Double with Metasurface: Double layer devices can control many forms of polarization

Almost a decade ago, Harvard engineers introduced Lulatai’s thin flat device, the world’s first visible spectral metasurface, patterned with nanoscale structures that allow precise control of light behavior. Today, a powerful alternative to traditional bulky optical components, Metasurfaces enables compact, lightweight, multifunctional applications ranging from imaging systems and augmented reality to spectroscopy and communications.

Currently, researchers at Harvard’s John A. Paulson School of Engineering and Applied Sciences (Sea) are doubling metasurface technology by literally creating double layer metawas that are not made up of two stacked titanium dioxide nanostructures. Under the microscope, the new device appears to be a dense array of stepped skyscrapers.

This study is published in Nature Communications.

“This is a feat of nanotechnology at the highest level,” said Federico Capaso, professor of applied physics in marine electrical engineering and senior researcher Vinton Hayes. “It opens up a new way of building light, where you can design all aspects of wavelength, phase, polarization, and more in an unprecedented way.

For centuries, optical systems rely on bulky curved lenses made of glass or plastic, bent and focused on light. The marine-led metasurface revolution of the past decade has produced flat, ultra-thin structures patterned with millions of small elements capable of manipulating light with nanometer accuracy. An impressive example of this technology is Metalens. Unlike traditional lenses, methane can be manufactured in existing semiconductor manufacturing, enabling compact, integrated optical systems in devices such as smartphones, cameras and augmented reality displays.

After reporting on Metalens, the first work that could bending visible light, the Capasso team worked with the Harvard University Technology Development Office to license the technology and launched the company Metalenz. They have since demonstrated many potential applications, including endoscopes, artificial eye, and telescope lenses.

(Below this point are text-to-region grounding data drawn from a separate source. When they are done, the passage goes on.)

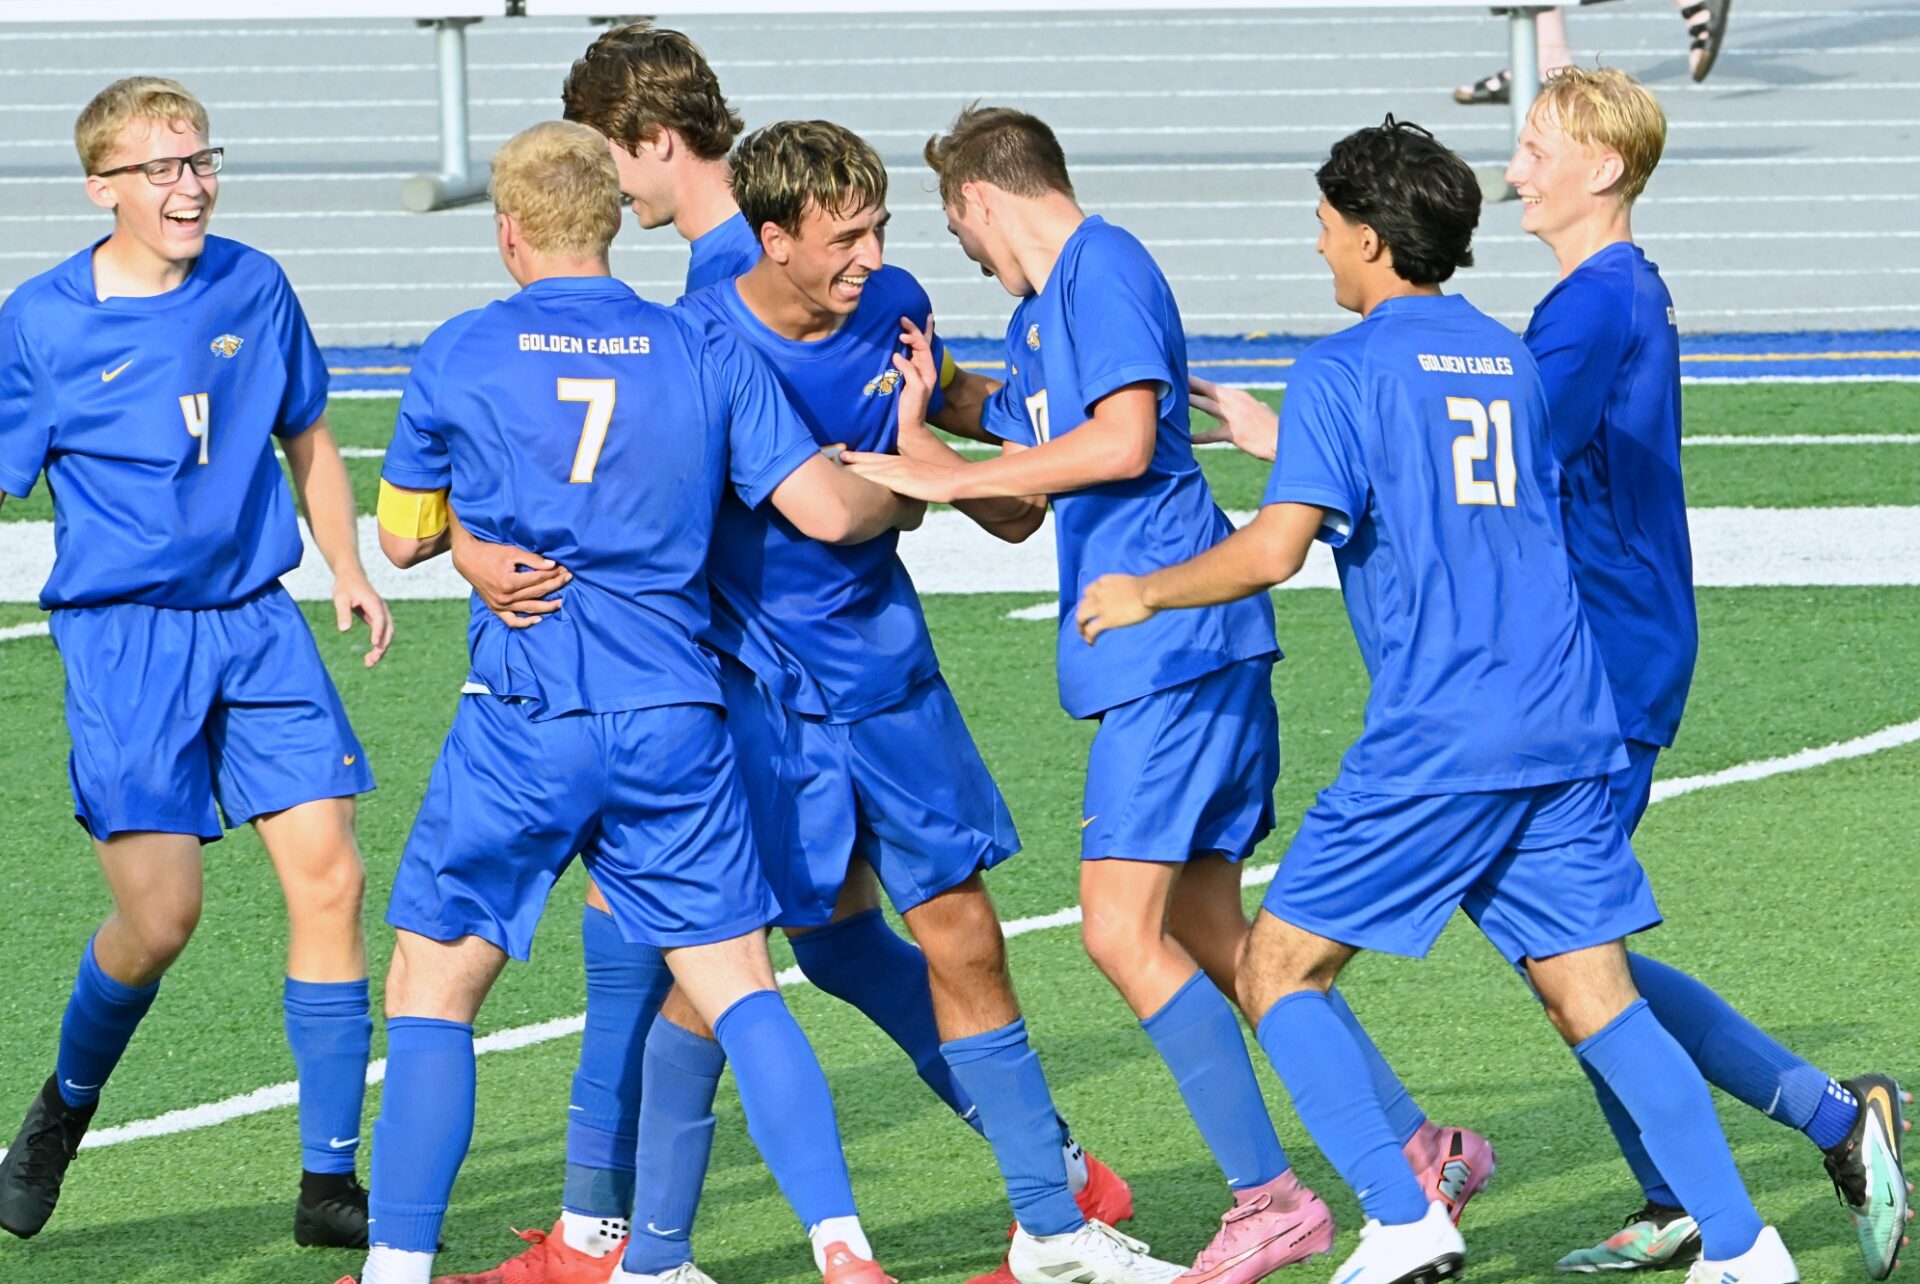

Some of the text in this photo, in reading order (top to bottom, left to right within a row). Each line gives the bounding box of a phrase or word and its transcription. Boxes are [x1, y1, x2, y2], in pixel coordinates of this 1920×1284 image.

[519, 333, 650, 354] GOLDEN EAGLES
[1417, 354, 1514, 375] GOLDEN EAGLES
[178, 392, 209, 464] 4
[557, 377, 616, 483] 7
[1445, 396, 1517, 506] 21

However, the team invented by the team at Single Layer Nanostructure Design Capasso has been monitored in several ways. For example, previous metasurfaces have listed specific requirements to control the behavior of light in manipulation of light polarization, i.e., the directionality of light waves.

“Many people were investigating the theoretical possibilities of double layer metasurfaces, but the real bottleneck was manufacturing,” says Alfonso Palmieri, a graduate student and co-star in the study. With this breakthrough, Palmieri explained that he could imagine a new kind of multifunctional optical device, for example, a system that projects an image on one image and a completely different image from the other.

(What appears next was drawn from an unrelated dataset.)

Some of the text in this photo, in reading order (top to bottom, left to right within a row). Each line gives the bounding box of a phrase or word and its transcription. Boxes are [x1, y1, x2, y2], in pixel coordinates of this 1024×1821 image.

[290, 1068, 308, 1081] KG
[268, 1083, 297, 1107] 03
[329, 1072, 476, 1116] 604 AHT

Using the facility at Harvard University’s Nanoscale Systems Center, the team, including former doctoral researchers Ahmeddora and Junshpark, came up with a manufacturing process for the self-supporting, robust construction of two metasurfaces. Such multilevel patterns were common in the silicon semiconductor world, but were not explored much in optics and metaoptics.

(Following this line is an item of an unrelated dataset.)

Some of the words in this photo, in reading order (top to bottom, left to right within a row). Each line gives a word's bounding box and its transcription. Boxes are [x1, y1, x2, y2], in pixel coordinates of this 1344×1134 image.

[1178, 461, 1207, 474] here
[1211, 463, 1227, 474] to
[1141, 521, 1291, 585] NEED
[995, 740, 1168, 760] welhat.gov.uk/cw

To demonstrate the power of the device, the team devised an experiment that uses double layer metalene to act on polarization, similar to complex systems of waveforms and mirrors.

In future experiments, the team will expand to more layers to control other aspects of light, such as extreme broadband operations with high efficiency across the visible and near-infrared spectrum, opening the door to even more refined light-based features.